Feeder cattle supported by lower corn

At the Chicago Mercantile Exchange, live cattle were mixed waiting for the week’s direct business to develop.  Feeders were higher on the lower move in corn.  February live cattle closed $.05 lower at $155.82 and April lives were unchanged at $159.57.  January feeder cattle closed $1.32 higher at $183.77 and March feeders closed $1.10 higher at $186.37.

It was a quiet start to the week for direct cash cattle trade business.  Showlists are mixed, higher in Nebraska/Colorado, but lower in Texas and Kansas.  Bids and asking prices have been slow to surface.  Significant trade volume will likely be delayed until midweek or later. 

At midsession at the Oklahoma National Stockyards, compared to last week feeder steers and heifers were unevenly steady on a light test.  Steer calves were $4 to $7 higher with spots of $12 higher.  Heifer calves over 450 pounds were unevenly steady and heifer calves under 450 pounds were $15 to $20 higher.  The USDA says demand for feeder steers and heifers was moderate to good and demand for calves was mostly good.  Receipts were up on the week and down on the year.  Feeder supply included 64% steers and 41% of the offering was over 600 pounds.  Medium and Large 1 feeder steers 452 to 496 pounds brought $201 to $228 and feeder steers 659 to 687 pounds brought $176 to $190.  Medium and Large 1 feeder heifers 500 to 549 pounds brought $165 to $177 and feeder heifers 559 to 593 pounds brought $172 to $184. 

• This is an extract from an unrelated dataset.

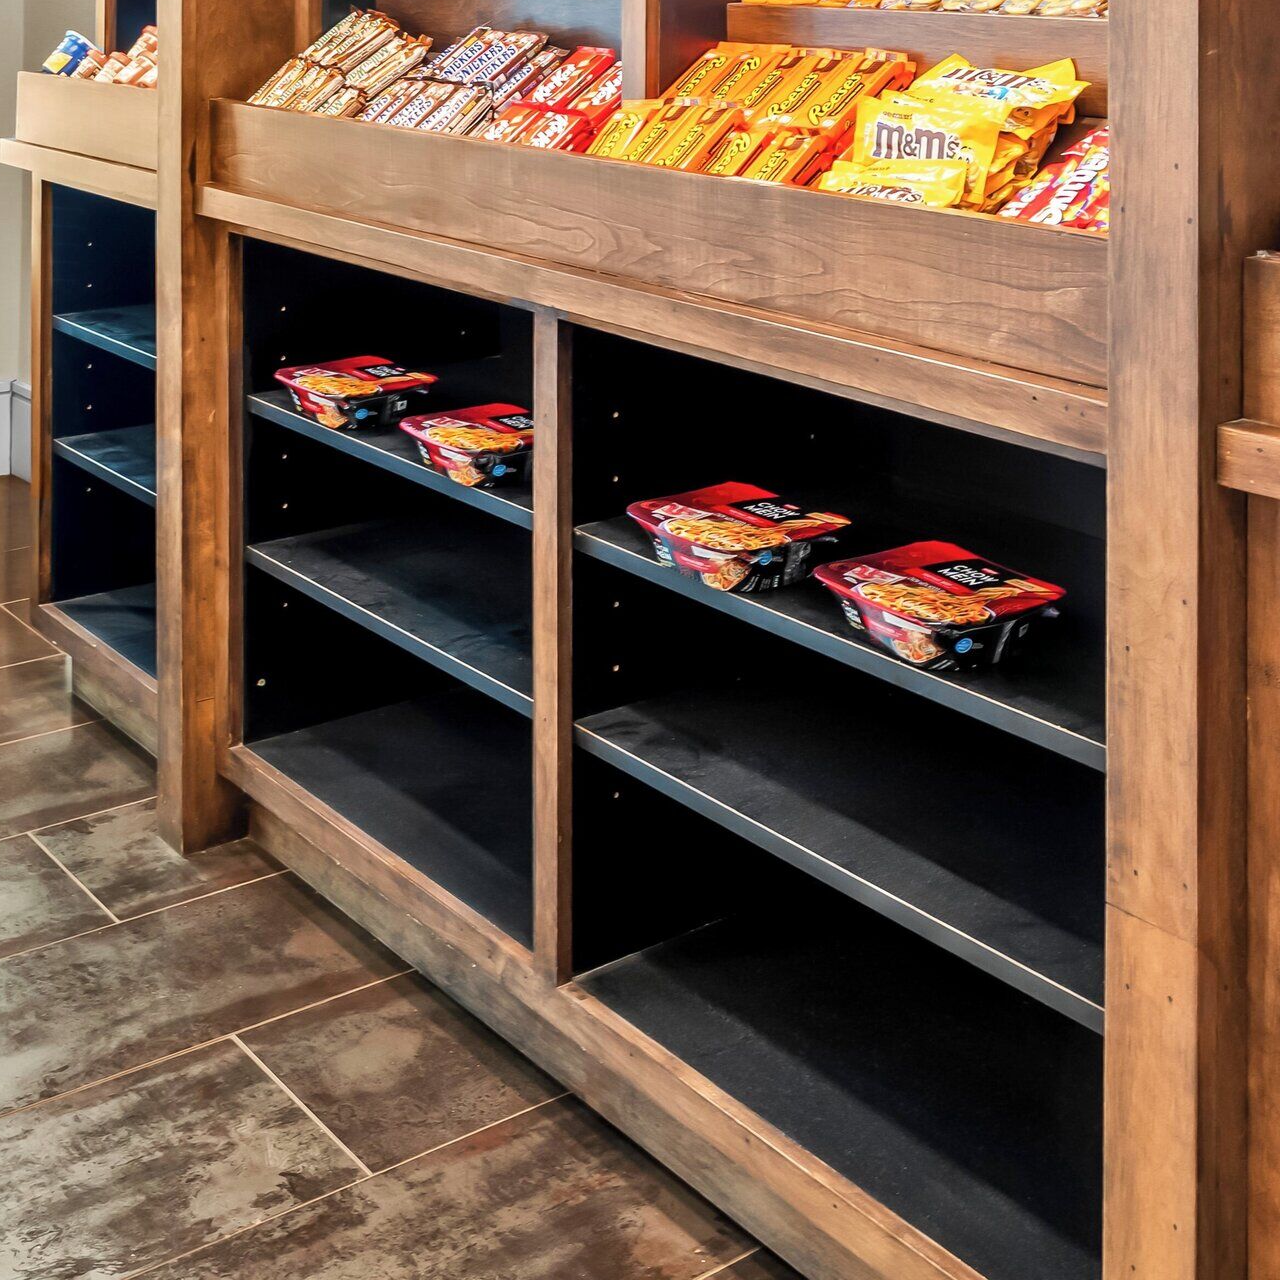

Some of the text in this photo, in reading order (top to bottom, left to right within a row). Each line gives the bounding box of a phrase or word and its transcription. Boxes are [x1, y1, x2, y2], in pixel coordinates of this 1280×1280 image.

Boxed beef closed sharply lower on light demand for fairly light offerings.  Choice was $6.62 lower at $243.31 and Select closed $3.45 lower at $221.11.  The Choice/Select spread is $22.20. Estimated cattle slaughter was 127,000 head – down 1,000 on the week and up 6,000 on the year. 

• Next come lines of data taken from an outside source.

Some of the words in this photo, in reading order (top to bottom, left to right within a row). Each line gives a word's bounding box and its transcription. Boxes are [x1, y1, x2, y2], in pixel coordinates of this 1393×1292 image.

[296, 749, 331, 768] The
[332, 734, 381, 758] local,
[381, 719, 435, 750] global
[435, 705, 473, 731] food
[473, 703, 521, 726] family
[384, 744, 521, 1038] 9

Lean hog futures ended the day mixed, adjusting spreads.  February lean hogs closed $.10 higher at $90.52 and April lean hogs were unchanged at $95.82. 

Cash hogs closed lower with a light negotiated run.  Demand for US pork on the global market and domestically has held relatively strong, and while that is expected to continue the industry is monitoring the global economy and any further disruption would likely impact demand and lower prices.  Processors aren’t extremely aggressive in their procurement efforts to start the week, this has been the trend recently.  A couple of days of lackluster business at lower prices followed by a few days of big runs and sharply higher prices. Barrows and gilts at the National Daily Direct closed $.53 lower with a base range of $74 to $86 and a weighted average of $81.69; the Iowa/Minnesota closed $2.04 lower with a weighted average of $84; the Western Corn Belt closed $2.20 lower with a weighted average of $83.84.  Prices at the Eastern Corn Belt were not reported due to confidentiality.   

Butcher hog prices at the Midwest cash markets are steady today at $60. At Illinois, slaughter sow prices were $1 lower with moderate demand for light offerings at $44 to $56.  Barrows and gilts were $1 lower with moderate demand for moderate offerings at $57 to $67.  Boars ranged from $15 to $20 to $10.

Pork values closed lower – down $2.48 at $86.46. Bellies and hams were sharply lower.   Butts were lower.  Picnics, loins, and ribs were all higher. Estimated hog slaughter was 491,000 head – down 2,000 on the week and up 46,000 on the year.